━━━ EXERCISE INPUTS

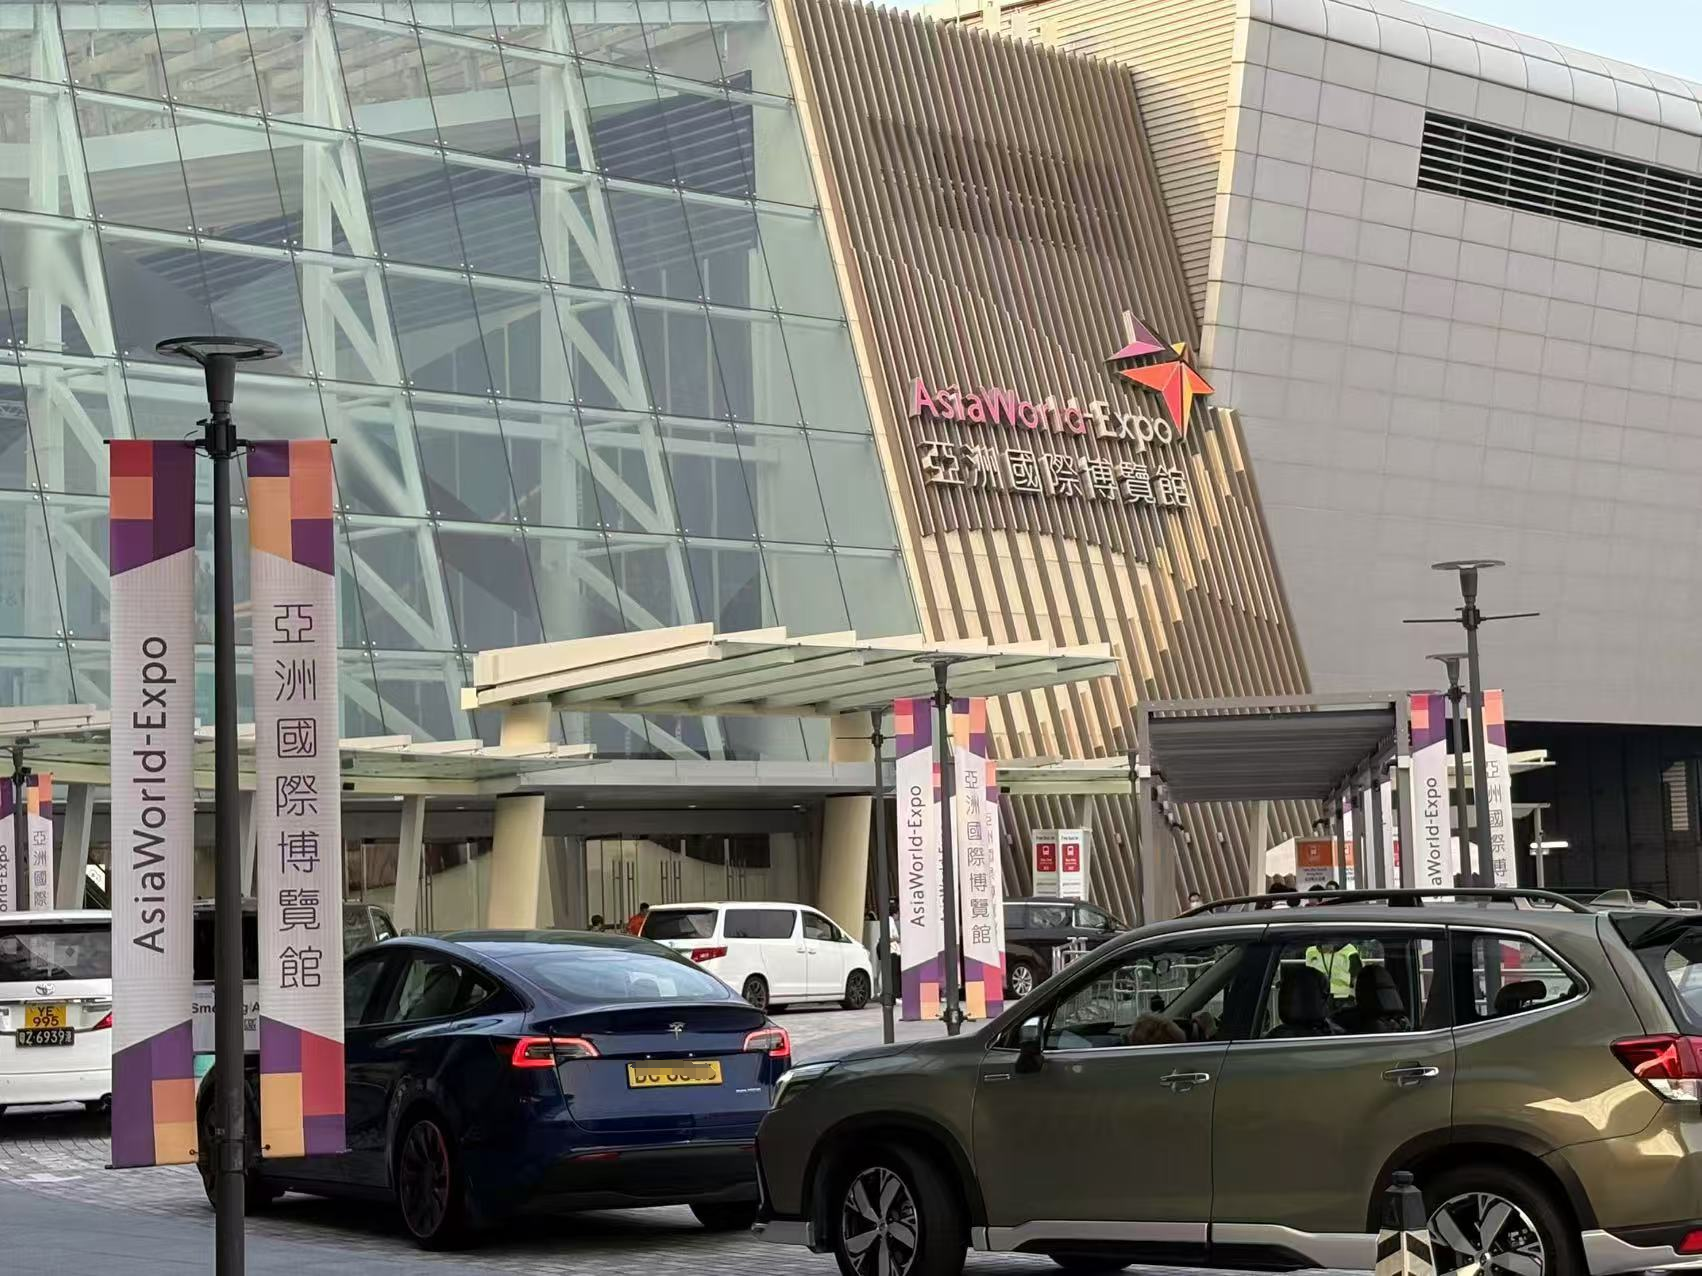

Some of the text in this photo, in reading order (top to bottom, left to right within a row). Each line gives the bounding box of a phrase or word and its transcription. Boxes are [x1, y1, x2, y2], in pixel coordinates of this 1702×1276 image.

[910, 377, 1173, 453] AsiaWorld-Expo
[917, 441, 1190, 507] 亞洲國際博覽館
[133, 636, 176, 953] AsiaWorld-Expo
[272, 603, 323, 989] 亞洲國際博覽館
[1424, 777, 1442, 886] aWorld-Expo
[32, 831, 48, 907] 亞洲國際
[907, 785, 926, 927] AsiaWorld-Expo
[964, 770, 991, 944] 亞洲國際博覽館
[32, 1016, 59, 1027] 995
[37, 1006, 54, 1017] YE
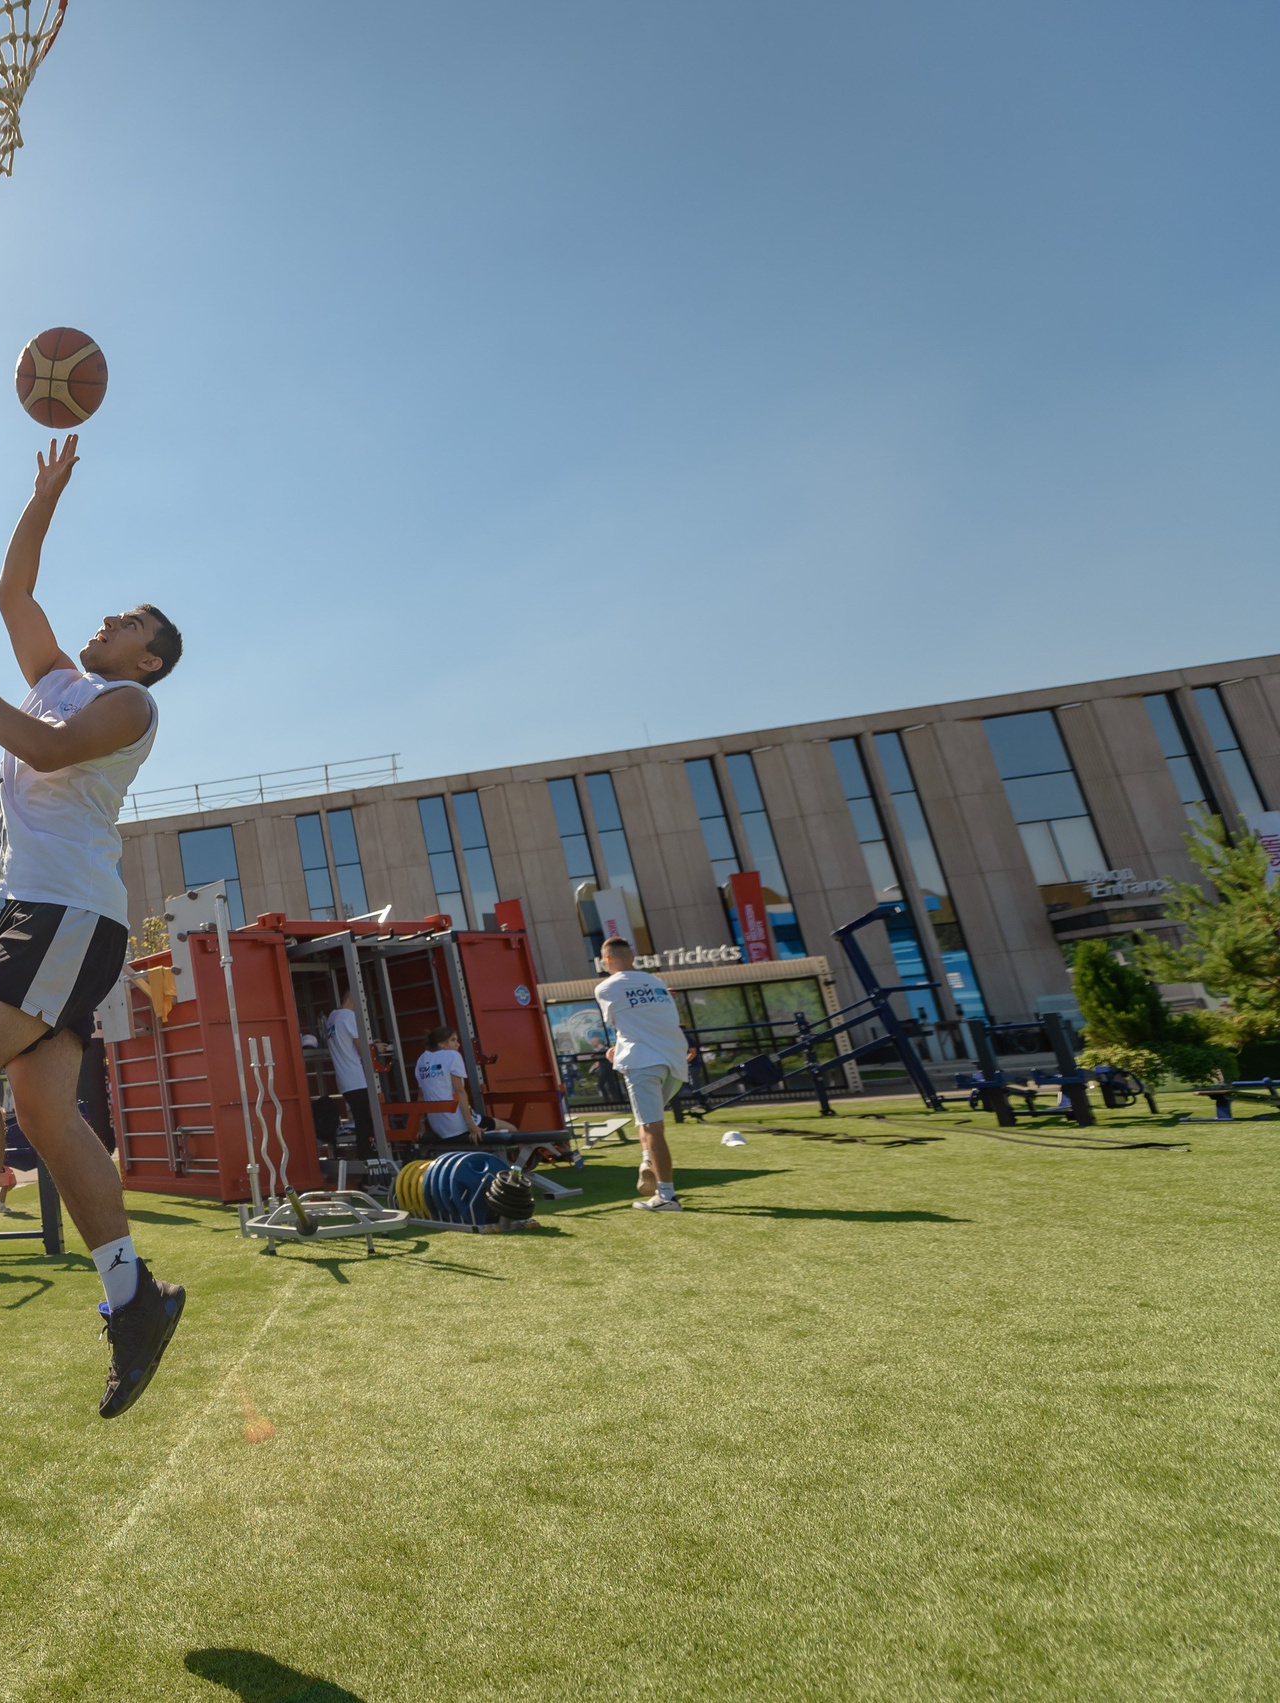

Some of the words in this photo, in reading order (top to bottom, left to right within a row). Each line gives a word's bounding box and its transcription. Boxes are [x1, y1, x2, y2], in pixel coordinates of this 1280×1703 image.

[1086, 879, 1174, 898] Entranc
[594, 955, 661, 974] Ксы
[664, 944, 741, 966] Tickets
[625, 983, 654, 999] мой

━━━━━━

▶ **WHAT IS BEING ASKED**
Each line from the one containing "Some of the words" through the end of the material must be output exactly, and no other line.

▶ **RESULT FOR THIS TASK**
Some of the words in this photo, in reading order (top to bottom, left to right within a row). Each line gives a word's bounding box and its transcription. Boxes are [x1, y1, x2, y2], in pixel coordinates of this 1280×1703 image.

[1086, 879, 1174, 898] Entranc
[594, 955, 661, 974] Ксы
[664, 944, 741, 966] Tickets
[625, 983, 654, 999] мой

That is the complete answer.